Efficient apoptotic cell clearance and induction of immunologic tolerance is a critical mechanism preventing autoimmunity and associated pathology. Our laboratory has reported that apoptotic cells induce tolerance by a mechanism dependent on the tryptophan catabolizing enzyme indoleamine 2,3 dioxygenase 1 (IDO1) in splenic macrophages (MΦ). The metabolic-stress sensing protein kinase GCN2 is a primary downstream effector of IDO1; thus, we tested its role in apoptotic cell-driven immune suppression. In vitro, expression of IDO1 in MΦs significantly enhanced apoptotic cell-driven IL-10 and suppressed IL-12 production in a GCN2-dependent mechanism. Suppression of IL-12 protein production was due to attenuation of IL-12 mRNA association with polyribosomes inhibiting translation while IL-10 mRNA association with polyribosomes was not affected. In vivo, apoptotic cell challenge drove a rapid, GCN2-dependent stress response in splenic MΦs with increased IL-10 and TGF-β production, whereas myeloid-specific deletion of GCN2 abrogated regulatory cytokine production with provocation of inflammatory T-cell responses to apoptotic cell antigens and failure of long-tolerance induction.

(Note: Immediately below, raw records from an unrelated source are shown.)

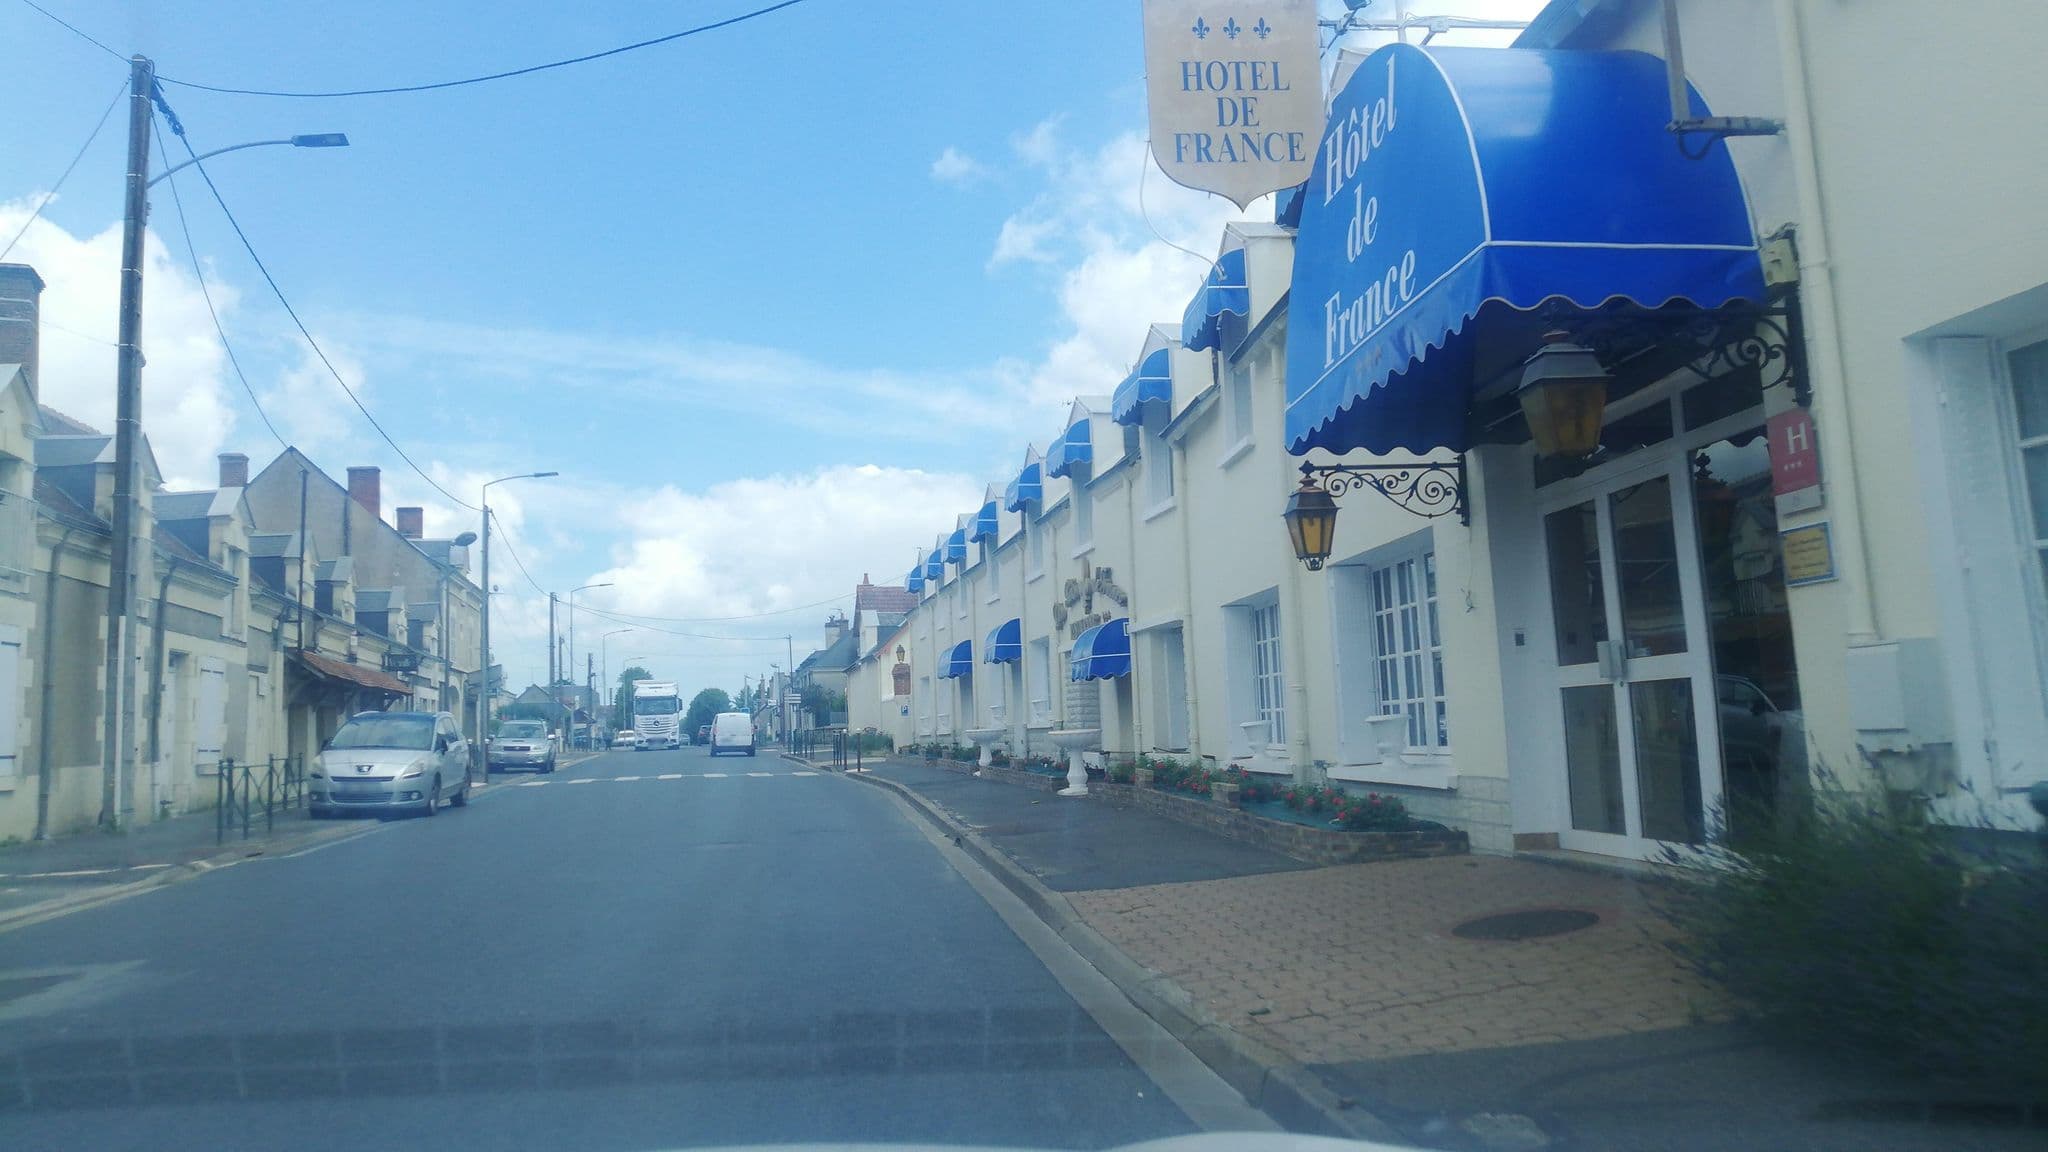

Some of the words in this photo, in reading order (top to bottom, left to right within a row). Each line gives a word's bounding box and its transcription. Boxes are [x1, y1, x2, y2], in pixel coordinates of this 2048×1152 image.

[1182, 61, 1290, 92] HOTEL
[1216, 96, 1260, 127] DE
[1174, 131, 1306, 163] FRANCE
[1324, 53, 1397, 207] Hôtel
[1346, 183, 1378, 263] de
[1324, 250, 1416, 369] France
[1786, 421, 1809, 455] H

Consistent with a role in prevention of apoptotic cell driven autoreactivity, myeloid deletion of GCN2 in lupus-prone mice resulted in increased immune cell activation, humoral autoimmunity, renal pathology, and mortality. In contrast, activation of GCN2 with an agonist significantly reduced anti-DNA autoantibodies and protected mice from disease. Thus, this study implicates a key role for GCN2 signals in regulating the tolerogenic response to apoptotic cells and limiting autoimmunity.

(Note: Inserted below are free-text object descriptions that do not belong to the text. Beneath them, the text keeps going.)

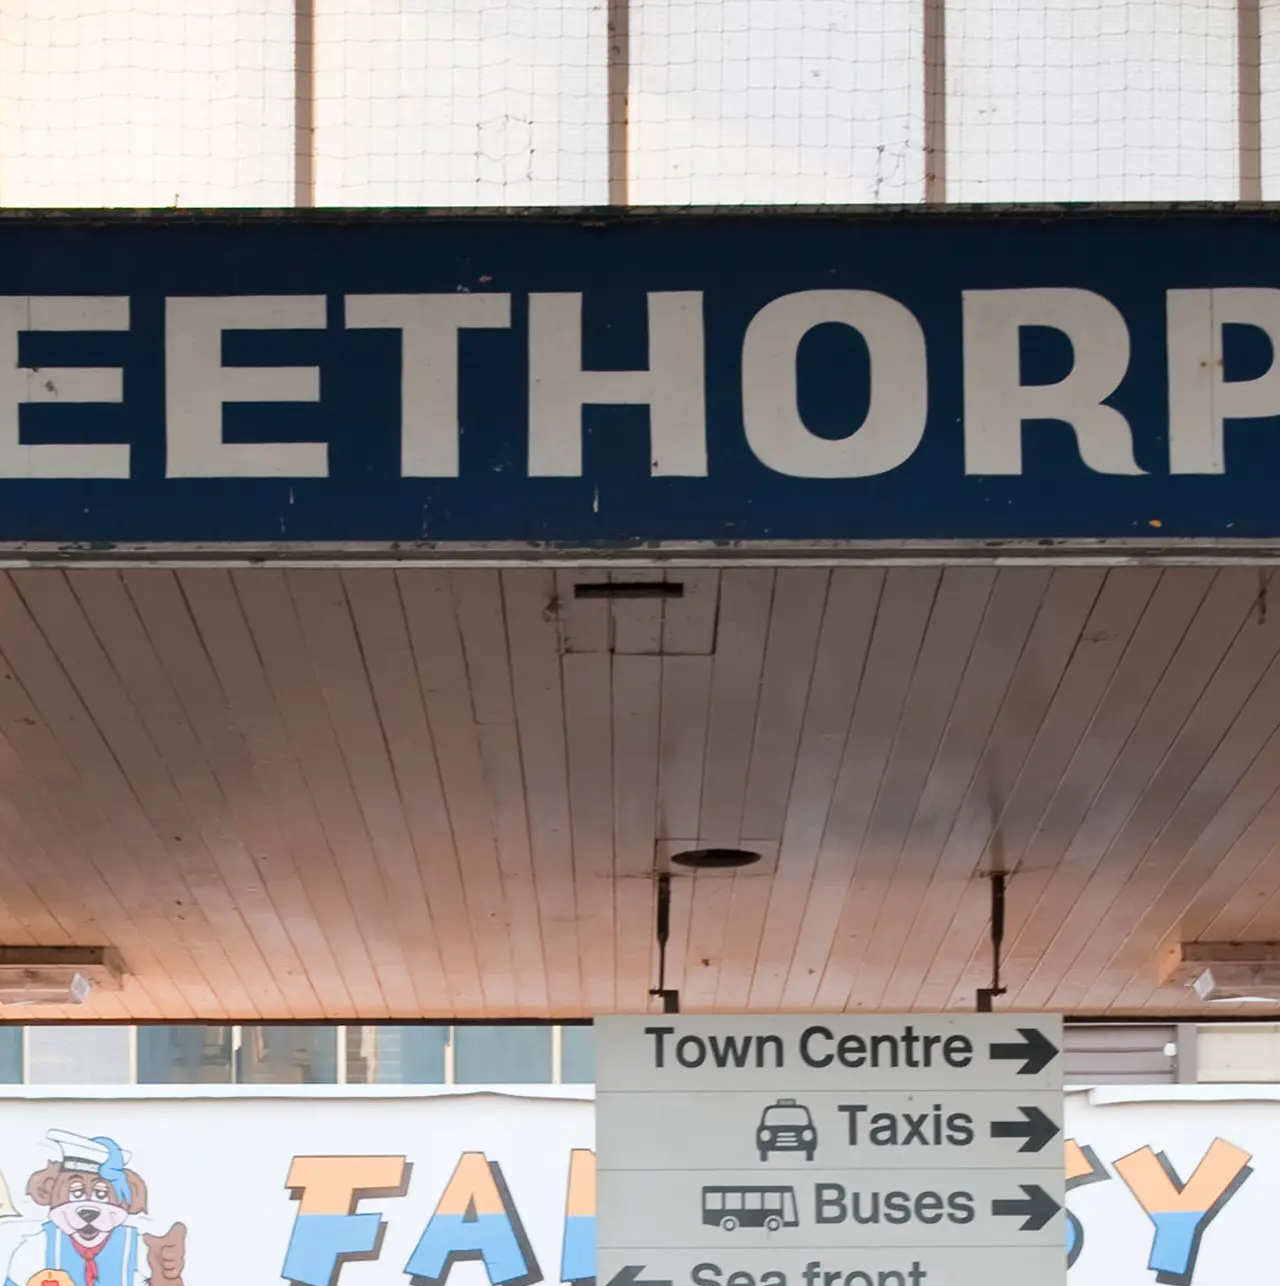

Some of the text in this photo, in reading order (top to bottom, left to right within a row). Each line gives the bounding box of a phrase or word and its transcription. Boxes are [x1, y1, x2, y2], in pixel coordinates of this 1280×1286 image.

[644, 1025, 974, 1069] Town Centre
[837, 1103, 975, 1147] Taxis
[815, 1182, 975, 1225] Buses
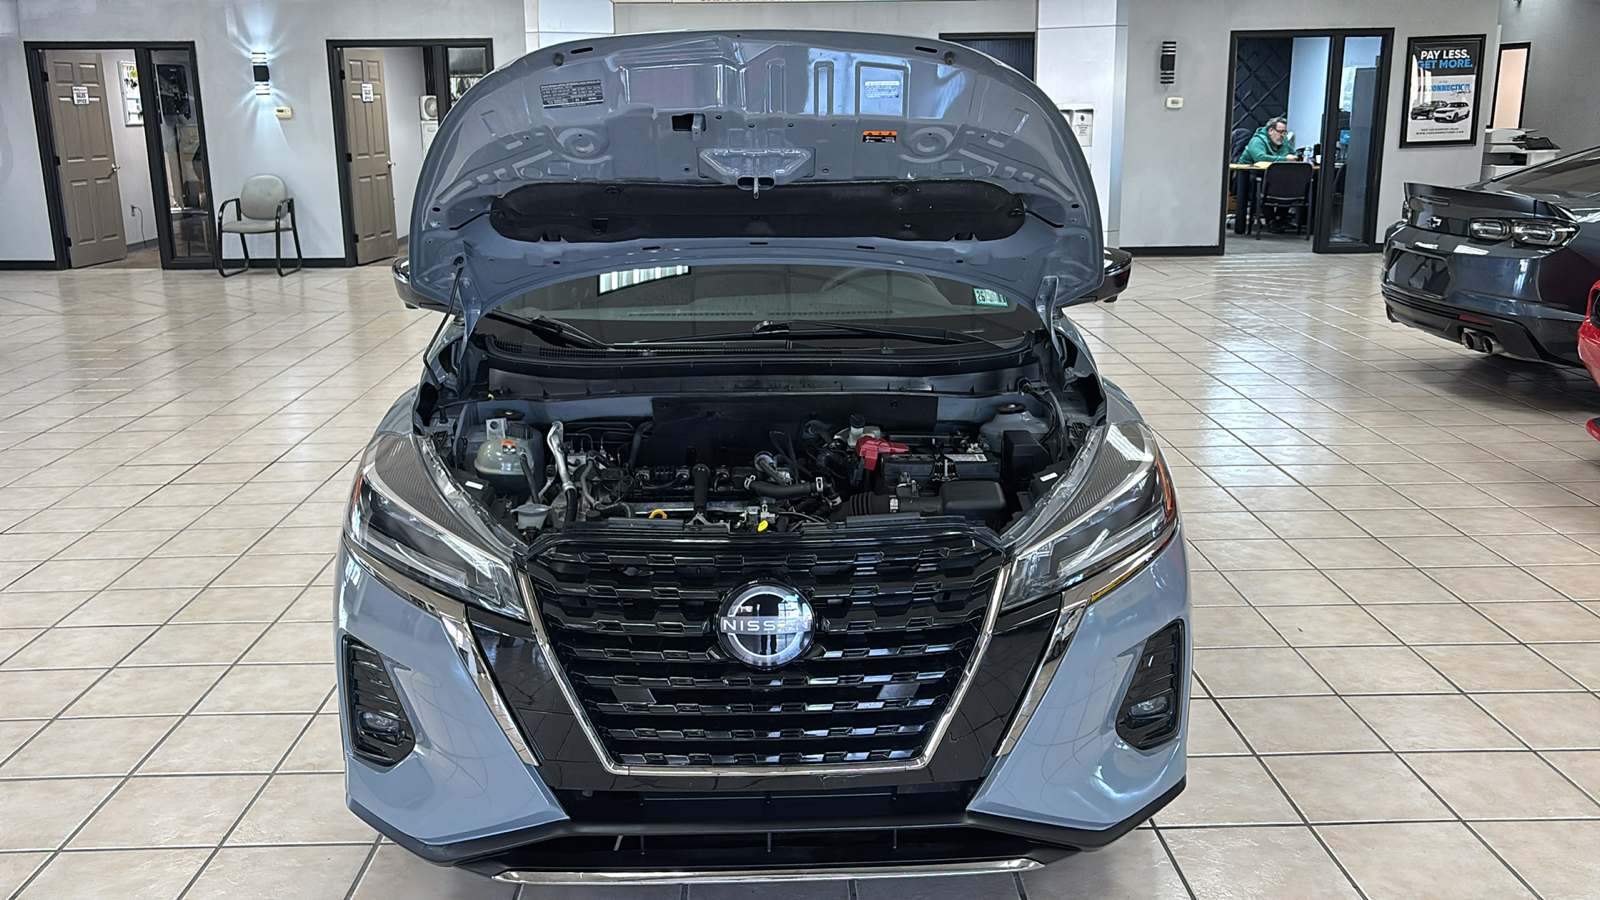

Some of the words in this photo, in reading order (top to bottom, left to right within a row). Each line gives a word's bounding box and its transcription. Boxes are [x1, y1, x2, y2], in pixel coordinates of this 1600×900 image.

[1420, 50, 1441, 60] PAY
[1443, 49, 1470, 59] LESS.
[1417, 60, 1438, 69] GET
[1439, 59, 1473, 69] MORE.
[976, 290, 986, 302] 26
[723, 619, 809, 632] NISSN

Keywords: apoptosis; autoimmunity; immunometabolism; stress; tolerance.

Fig. 1.

GCN2 activation promotes apoptotic cell-driven IL-10 production in MΦs. (A and B) BM MΦs were transduced with IDO1-GFP⁺ or control lentivirus as described in Materials and Methods. Then, 24 h later, kynurenine and Trp in the culture supernatant mRNA for the indicated genes were measured by sqPCR. (C) At 24 h after lentiviral transduction as described in A, BM MΦs were incubated with apoptotic thymocytes at a 10:1 apoptotic cell:MΦ ratio. Then, 18 h later, cell supernatants were collected, and cytokines were measured by ELISA. (D) Western blot analysis for the proteins indicated was done on whole-cell lysates from BM MΦ cultures as described in C. (E) mRNA from BM MΦ/apoptotic cell cultures as in C was collected at the indicated time points, and cytokine message expression was assessed by sqPCR. In some groups, 20 μM D1MT was added. (F) Sucrose gradient fractionation of cellular lysates was followed by sqPCR analysis for the indicated mRNA species from 8-h BM MΦ/apoptotic cultures treated as in C. In A, B, C, and E, bars and line points represent mean ± SD values for triplicate samples. In D, Western blot images are representative of three separate experiments. In F, pooled material from triplicate samples was analyzed. *P < 0.05; **P < 0.01, Student’s t test. Experiments were repeated three times, with similar results.

Fig. S1.

Semiquantative assessment of Western blot band intensity. (A and B) Relative band intensity for phospho-eIF2α (A) normalized to total eIF2α and total ATF4 (B) normalized to β-actin for blots shown in Fig. 1D. (C and D) Relative band intensity for phospho-eIF2α (C) normalized to total eIF2α and total IDO1 (D) normalized to β-actin for blots shown in Fig. 3B. Bars represent mean ± SD values for triplicate samples. Experiments were repeated three times, with similar results.

Fig. S2.

IDO1 expression decreases RNA association with polysomes in vitro, and apoptotic cell challenge induces IDO1- and GCN2-dependent stress gene expression in MZ MΦs and CD8α⁺ DCs in vivo. (A) Polysome analysis of IDO1⁺ MΦs incubated with apoptotic cells as described in Fig. 1. Cell extracts were subjected to sucrose density centrifugation, and RNA association with polysomes was analyzed by measuring the absorbance at 254 nM. Ribosomal peaks at 40 s, 60 s, and 80 s are identified. (B) At 4 h after apoptotic cell challenge (10⁷ in vivo), SignR1⁺ MZ MΦs and CD11c⁺CD8α⁺ DCs were sorted by FACS from the spleen, and message expression for the indicated mRNA species was determined by sqPCR. Bars represent the relative induction vs. controls value for pooled samples from four mice. In one experimental condition, mice were given the IDO1 inhibitor D1MT ad libitum in drinking water as described in SI Materials and Methods. The experiment was repeated four times, with similar results.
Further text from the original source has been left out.